Images for object localization:
◇ ◇ ◇ ◇ ◇

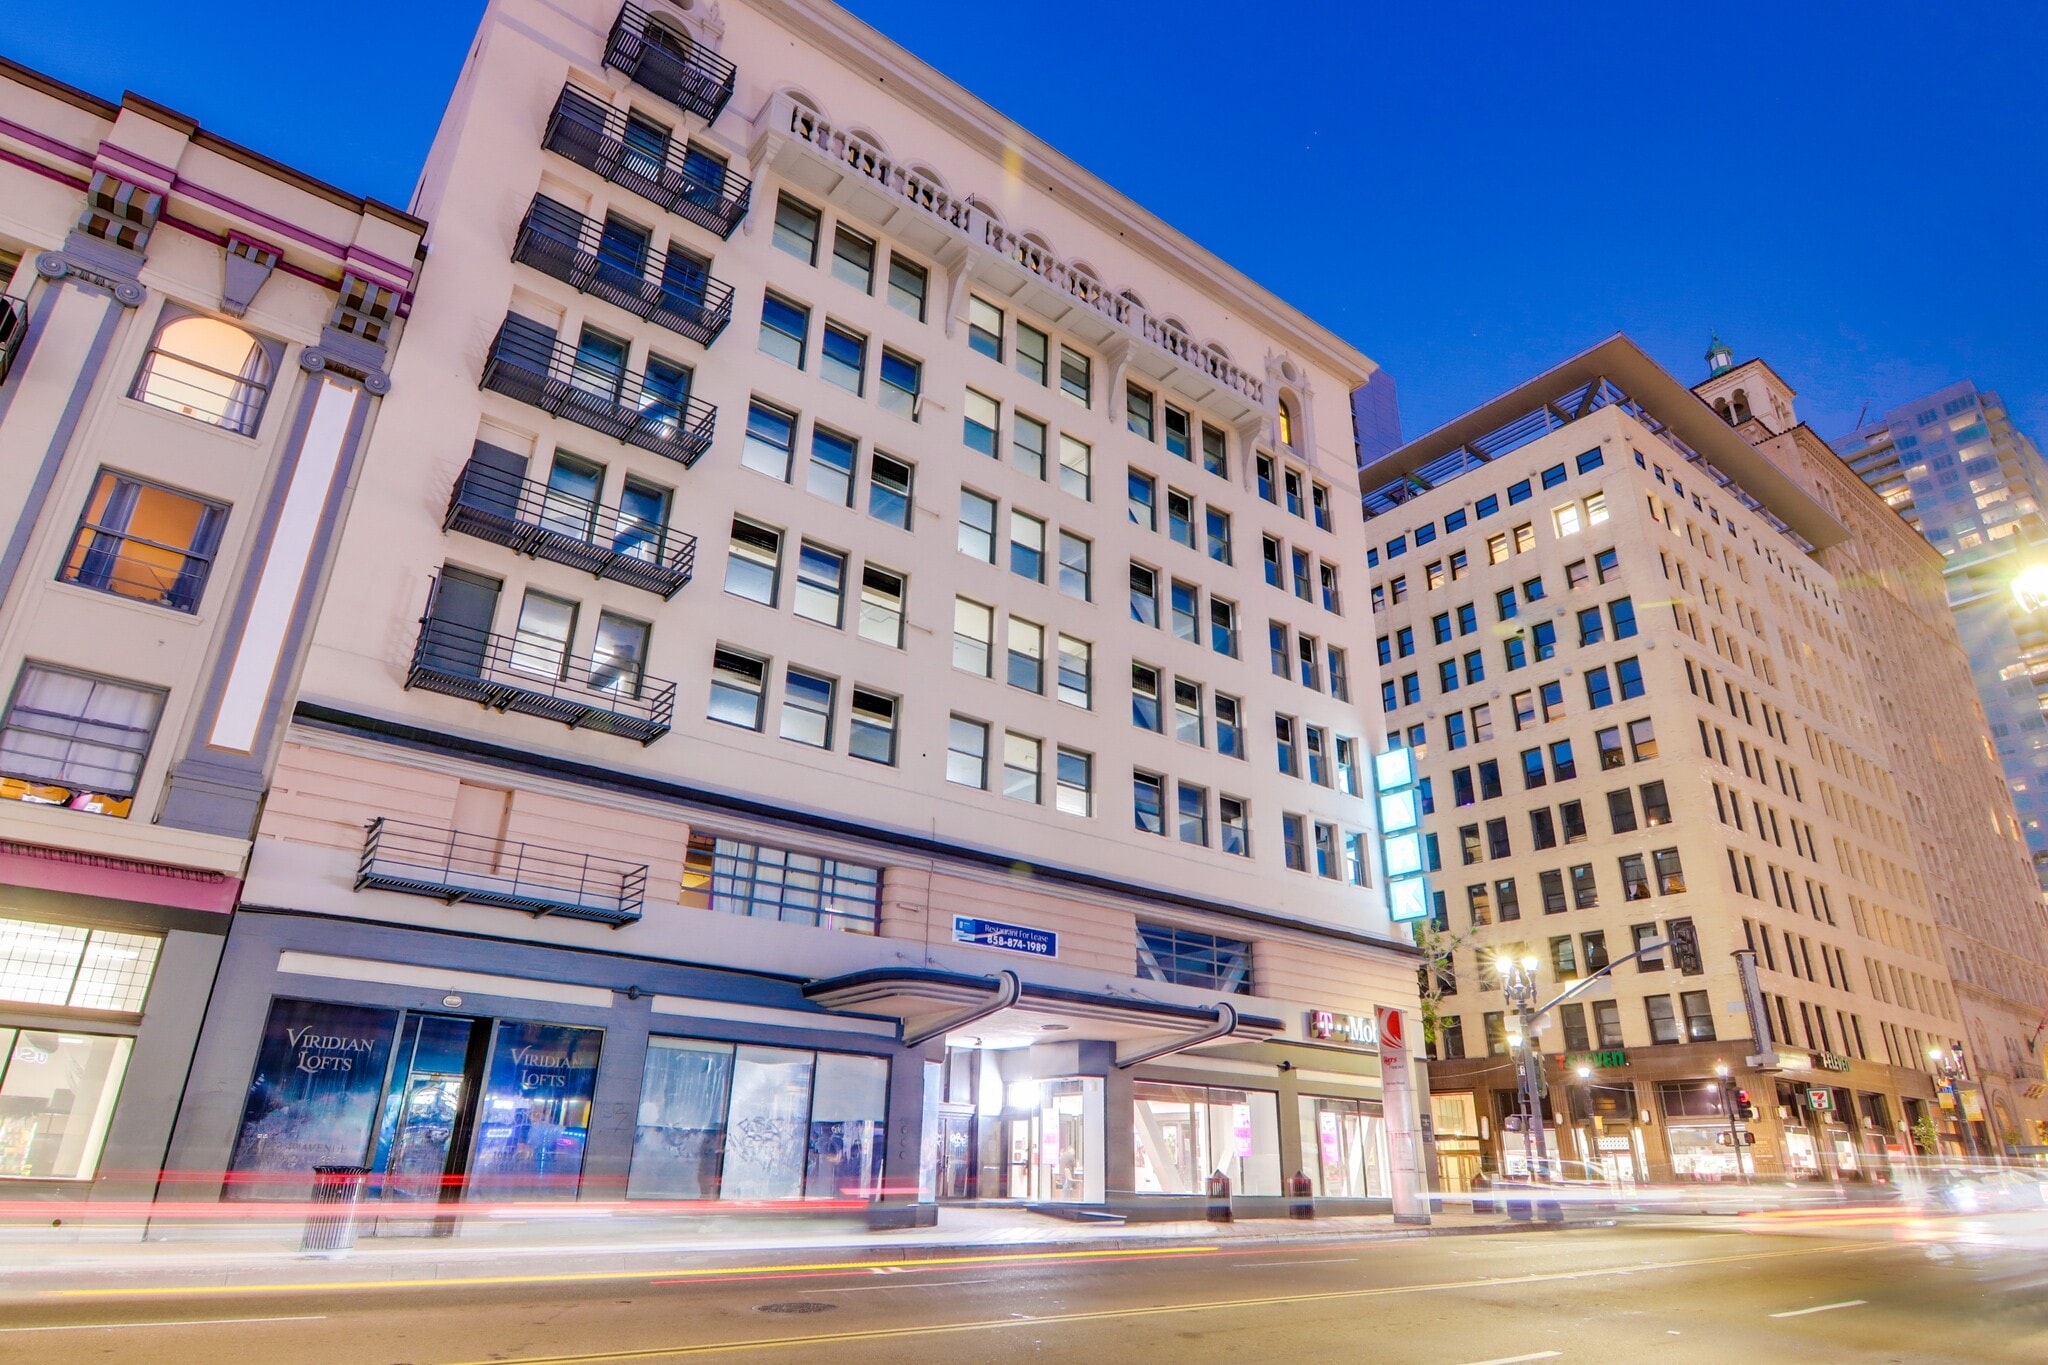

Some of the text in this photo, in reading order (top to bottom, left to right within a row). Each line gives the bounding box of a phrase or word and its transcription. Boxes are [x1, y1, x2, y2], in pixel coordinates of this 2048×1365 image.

[1382, 755, 1423, 915] PARK
[984, 924, 1018, 937] Restaurant
[1031, 932, 1049, 943] Lease
[987, 935, 1047, 953] 858-874-1989
[286, 1025, 375, 1052] VIRIDIAN
[297, 1051, 352, 1074] LOFTS
[521, 1069, 565, 1090] LOFTS
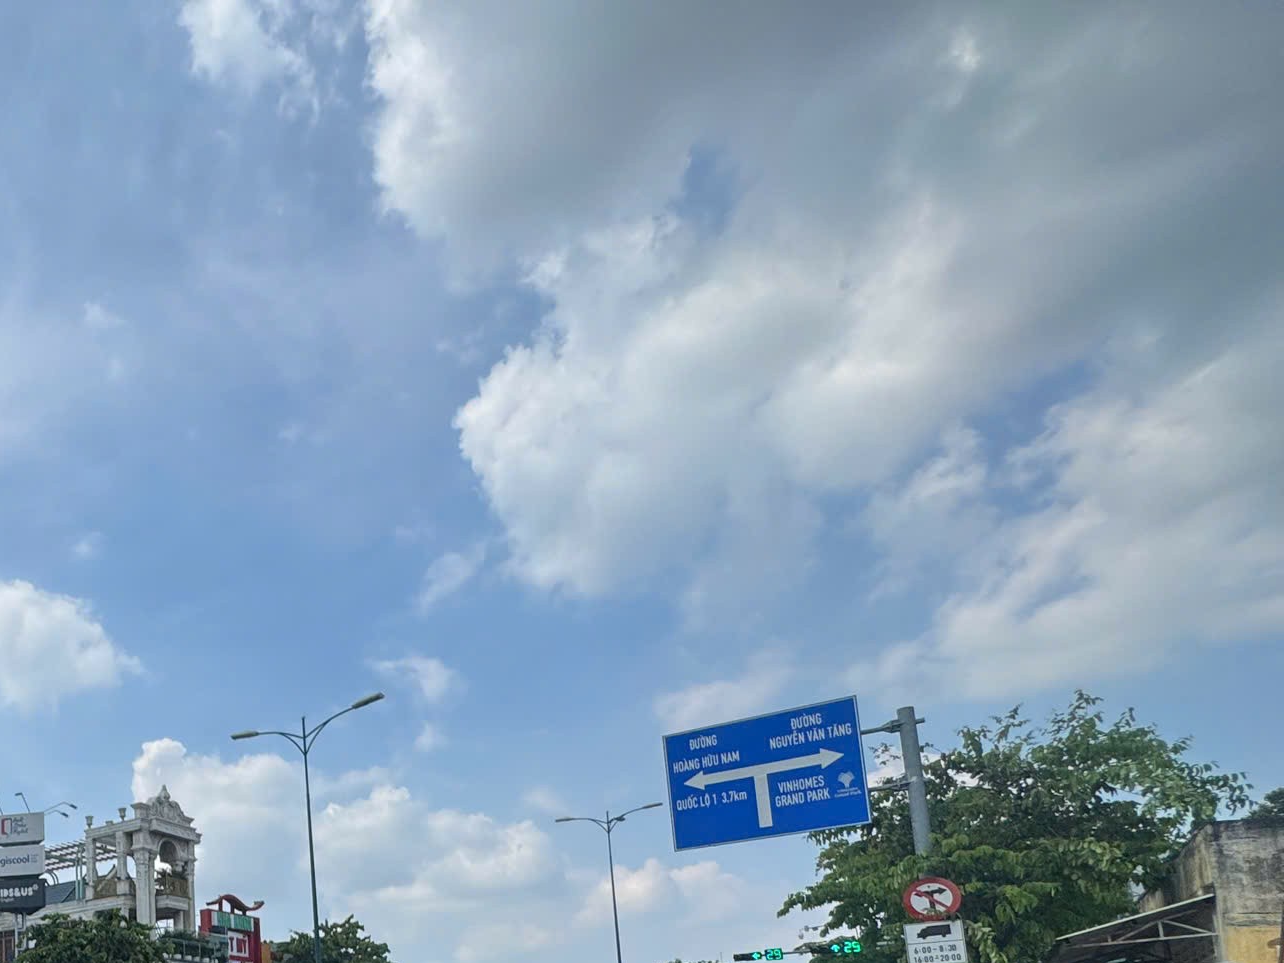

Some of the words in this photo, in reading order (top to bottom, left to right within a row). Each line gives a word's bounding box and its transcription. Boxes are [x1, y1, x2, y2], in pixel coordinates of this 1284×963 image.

[790, 713, 822, 730] ĐƯỜNG
[689, 734, 718, 751] ĐƯỜNG
[769, 732, 805, 750] NGUYỄN
[806, 727, 826, 742] VĂN
[828, 723, 852, 739] TĂNG
[673, 757, 700, 774] HOÀNG
[702, 753, 719, 767] HỮU
[721, 750, 740, 764] NAM
[777, 775, 825, 793] VINHOMES
[676, 793, 699, 811] QUỐC
[700, 793, 710, 809] LỘ
[712, 794, 717, 805] 1
[775, 792, 805, 808] GRAND
[806, 788, 830, 803] PARK
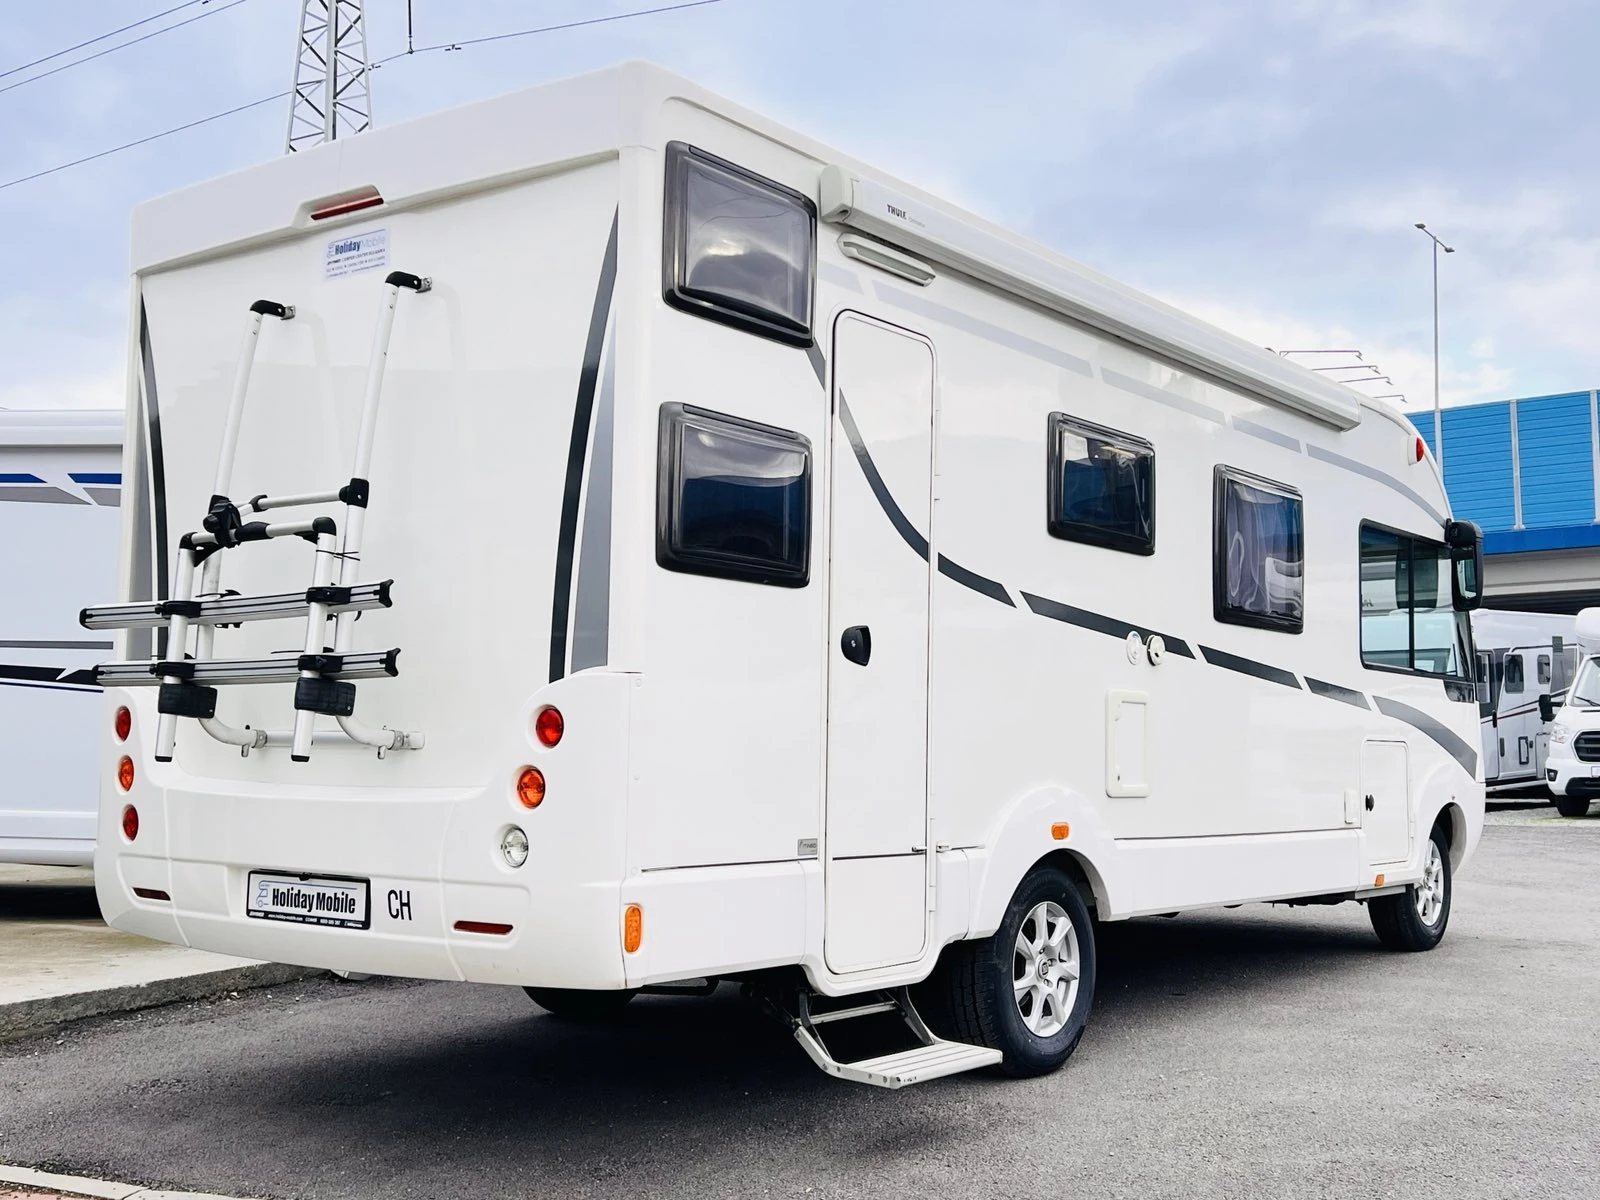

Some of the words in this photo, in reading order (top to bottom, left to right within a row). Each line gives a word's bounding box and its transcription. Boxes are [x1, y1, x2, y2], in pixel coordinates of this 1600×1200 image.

[887, 204, 906, 219] THULE
[335, 240, 361, 255] Holiday
[272, 887, 315, 913] Holiday
[315, 891, 356, 914] Mobile
[387, 889, 413, 921] CH

◇ ◇ ◇ ◇ ◇

# Task to carry out
After finding the line that contains "this 1600×1200 image." in the records above, copy that line and each one after it exactly, through the final line.

# Exercise result
Some of the words in this photo, in reading order (top to bottom, left to right within a row). Each line gives a word's bounding box and its transcription. Boxes are [x1, y1, x2, y2], in pixel coordinates of this 1600×1200 image.

[887, 204, 906, 219] THULE
[335, 240, 361, 255] Holiday
[272, 887, 315, 913] Holiday
[315, 891, 356, 914] Mobile
[387, 889, 413, 921] CH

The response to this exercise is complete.